Links Between Free Trade Policies and the School of the Americas
The School of the Americas (SOA), renamed the Western Hemisphere Institute
for Security Cooperation in 2001, is a combat training school for Latin
American soldiers located in Ft. Benning, Georgia. Run by the U.S. Army
since its beginning in 1946, it has trained more than 60,000 Latin American
soldiers in counterinsurgency techniques, commando and psychological warfare,
military intelligence and interrogation tactics. The militaries have used
these skills to wage war against their own people, targeting educators,
labor leaders, religious workers, student leaders and others who work for
the rights of the poor. Hundreds of thousands of Latin Americans have been
tortured, raped, assassinated, "disappeared", massacred or forced
to be refugees by soldiers trained at the SOA.
The mission of the SOA has always been to protect interests of multinational
corporations and maintain the economic status quo for the rich and powerful
both in the U.S. and in Latin America.
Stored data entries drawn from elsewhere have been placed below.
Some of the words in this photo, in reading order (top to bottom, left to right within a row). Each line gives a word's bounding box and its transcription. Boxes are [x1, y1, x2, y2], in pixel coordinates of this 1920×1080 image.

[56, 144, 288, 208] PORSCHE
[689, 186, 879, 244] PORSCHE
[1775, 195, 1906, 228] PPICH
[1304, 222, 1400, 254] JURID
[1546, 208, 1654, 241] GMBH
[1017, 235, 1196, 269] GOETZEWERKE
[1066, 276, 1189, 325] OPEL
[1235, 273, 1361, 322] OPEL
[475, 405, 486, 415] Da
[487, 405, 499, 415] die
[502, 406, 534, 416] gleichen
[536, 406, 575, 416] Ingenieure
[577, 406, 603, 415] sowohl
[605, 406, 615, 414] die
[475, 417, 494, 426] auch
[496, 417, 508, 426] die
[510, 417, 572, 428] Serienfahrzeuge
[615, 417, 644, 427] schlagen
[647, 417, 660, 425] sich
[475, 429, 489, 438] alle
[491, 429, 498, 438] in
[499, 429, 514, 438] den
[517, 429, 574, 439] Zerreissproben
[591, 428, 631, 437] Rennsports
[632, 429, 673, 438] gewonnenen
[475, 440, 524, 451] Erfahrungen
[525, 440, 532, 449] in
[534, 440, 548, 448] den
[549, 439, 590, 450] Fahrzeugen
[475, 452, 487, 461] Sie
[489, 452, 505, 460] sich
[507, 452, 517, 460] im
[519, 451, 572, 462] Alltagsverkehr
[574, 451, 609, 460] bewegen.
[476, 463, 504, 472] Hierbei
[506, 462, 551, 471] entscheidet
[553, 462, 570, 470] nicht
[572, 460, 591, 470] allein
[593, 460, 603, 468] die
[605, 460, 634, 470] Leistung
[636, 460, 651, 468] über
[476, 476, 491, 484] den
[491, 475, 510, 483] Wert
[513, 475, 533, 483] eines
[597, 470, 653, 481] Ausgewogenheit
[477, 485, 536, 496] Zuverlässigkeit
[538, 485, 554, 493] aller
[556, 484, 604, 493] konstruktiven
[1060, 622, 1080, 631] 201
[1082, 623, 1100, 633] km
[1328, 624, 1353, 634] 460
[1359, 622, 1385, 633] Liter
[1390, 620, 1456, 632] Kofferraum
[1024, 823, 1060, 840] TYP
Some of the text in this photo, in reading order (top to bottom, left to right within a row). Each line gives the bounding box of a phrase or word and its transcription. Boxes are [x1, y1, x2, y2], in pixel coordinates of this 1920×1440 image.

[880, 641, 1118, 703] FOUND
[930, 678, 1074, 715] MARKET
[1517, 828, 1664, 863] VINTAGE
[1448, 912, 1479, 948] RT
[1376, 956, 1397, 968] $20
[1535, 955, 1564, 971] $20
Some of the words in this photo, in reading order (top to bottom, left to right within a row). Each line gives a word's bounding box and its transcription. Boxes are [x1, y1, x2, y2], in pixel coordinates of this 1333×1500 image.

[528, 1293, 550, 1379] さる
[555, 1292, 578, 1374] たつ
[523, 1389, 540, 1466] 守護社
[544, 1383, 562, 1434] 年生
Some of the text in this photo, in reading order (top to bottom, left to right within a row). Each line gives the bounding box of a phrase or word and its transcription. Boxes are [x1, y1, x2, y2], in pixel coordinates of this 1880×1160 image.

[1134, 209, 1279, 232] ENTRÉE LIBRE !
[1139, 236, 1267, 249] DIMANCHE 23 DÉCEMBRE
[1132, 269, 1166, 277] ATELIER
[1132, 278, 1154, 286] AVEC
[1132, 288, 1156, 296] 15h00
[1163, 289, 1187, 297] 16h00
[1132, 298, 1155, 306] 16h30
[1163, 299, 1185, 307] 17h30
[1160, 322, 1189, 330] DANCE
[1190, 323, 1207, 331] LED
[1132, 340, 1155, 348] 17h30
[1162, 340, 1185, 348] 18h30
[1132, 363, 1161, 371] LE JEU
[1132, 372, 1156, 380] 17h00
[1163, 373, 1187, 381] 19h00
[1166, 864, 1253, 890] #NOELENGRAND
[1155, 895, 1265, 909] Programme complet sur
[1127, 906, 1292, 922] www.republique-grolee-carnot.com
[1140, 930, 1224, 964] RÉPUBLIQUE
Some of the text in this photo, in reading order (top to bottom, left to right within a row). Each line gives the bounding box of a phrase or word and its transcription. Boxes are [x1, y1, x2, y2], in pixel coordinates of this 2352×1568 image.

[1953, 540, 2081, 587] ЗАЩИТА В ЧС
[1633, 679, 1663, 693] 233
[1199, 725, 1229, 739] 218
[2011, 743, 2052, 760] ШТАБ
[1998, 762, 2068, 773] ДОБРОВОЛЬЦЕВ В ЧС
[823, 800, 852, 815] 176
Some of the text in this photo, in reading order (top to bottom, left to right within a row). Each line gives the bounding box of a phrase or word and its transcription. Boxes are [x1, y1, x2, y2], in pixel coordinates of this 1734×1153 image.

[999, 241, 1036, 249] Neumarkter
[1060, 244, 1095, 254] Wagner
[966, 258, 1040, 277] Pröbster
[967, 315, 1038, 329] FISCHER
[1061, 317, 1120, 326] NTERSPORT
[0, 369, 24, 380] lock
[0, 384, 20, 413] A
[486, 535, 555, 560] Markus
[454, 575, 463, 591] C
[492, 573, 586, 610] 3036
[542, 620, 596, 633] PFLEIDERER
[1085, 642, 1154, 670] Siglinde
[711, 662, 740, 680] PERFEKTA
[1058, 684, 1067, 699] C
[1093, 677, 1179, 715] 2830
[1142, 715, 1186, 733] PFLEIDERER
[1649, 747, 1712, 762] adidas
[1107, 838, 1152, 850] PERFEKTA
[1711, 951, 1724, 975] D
Implementation of "Free Trade" policies,
a.k.a. the economic repression of corporate globalization, could not be sustained
without a repressive military structure. Time after time, anyone who stands
in the way of the corporate agenda in Latin American countries is met with
brutal repression.The alumni of the SOA have usually been a part of these
incidents. Here are just a few examples:
Colombia--In 2002, 20 striking banana
workers were brutally murdered. Eight of the 11 Colombian military officers
charged in the slayings were SOA graduates, just some of the 10,000 Colombian
soldiers trained over the years at the SOA. Currently, Colombia is all
too frequently the scene of SOA-style repression, with countless similar
examples
of such violence.Argentina --In response to the recent economic crisis
brought on by free market reforms such as privatization and cuts in social
spending
and currency devaluation, Argentina erupted in December 2001 with massive
civil unrest and large demonstrations. The social movement's protests in
the following months were met with repression, and SOA graduates were implicated.
Argentina has a history of SOA grads acting with repressive
force, including the infamous dictator Leopoldo Galtieri who was responsible
for the Dirty
War.Bolivia--In 2000 the government sold the public water system of Cochabamba
to U.S. corporation Bechtel, which immediately doubled the price of water.
Thousands of citizens took to the streets to overturn the government's corrupt
deal with the company. SOA alumnus Hugo Banzer Suarez (SOA '88), then president
and former military dictator, sent out the armed forces to attack the protestors.
In April 2000, after Banzer declared a "state of siege," at least
8 people were killed and 100 injured in these protests.
El Salvador - In late
2002 into 2003 amid increasing protests against privatization of health
care and CAFTA negotiations, police in El Salvador are using repression to
silence
the opposition. In the ensuing wave of political violence in January 2003
one activist was killed and four were injured in a grenade attack. El Salvador's
military has notorious connections to the SOA going back to the 1980 massacre
of 900 villagers in El Mozote and, in the same year, the assassination
of Archbishop Romero as well as the 1989 massacre of the Jesuits . SOA grads
were the chief suspects in these cases and in atrocities and political
violence
throughout El Salvador's civil war. The current repression likely is linked
to SOA alumni who swell the ranks of the country's military.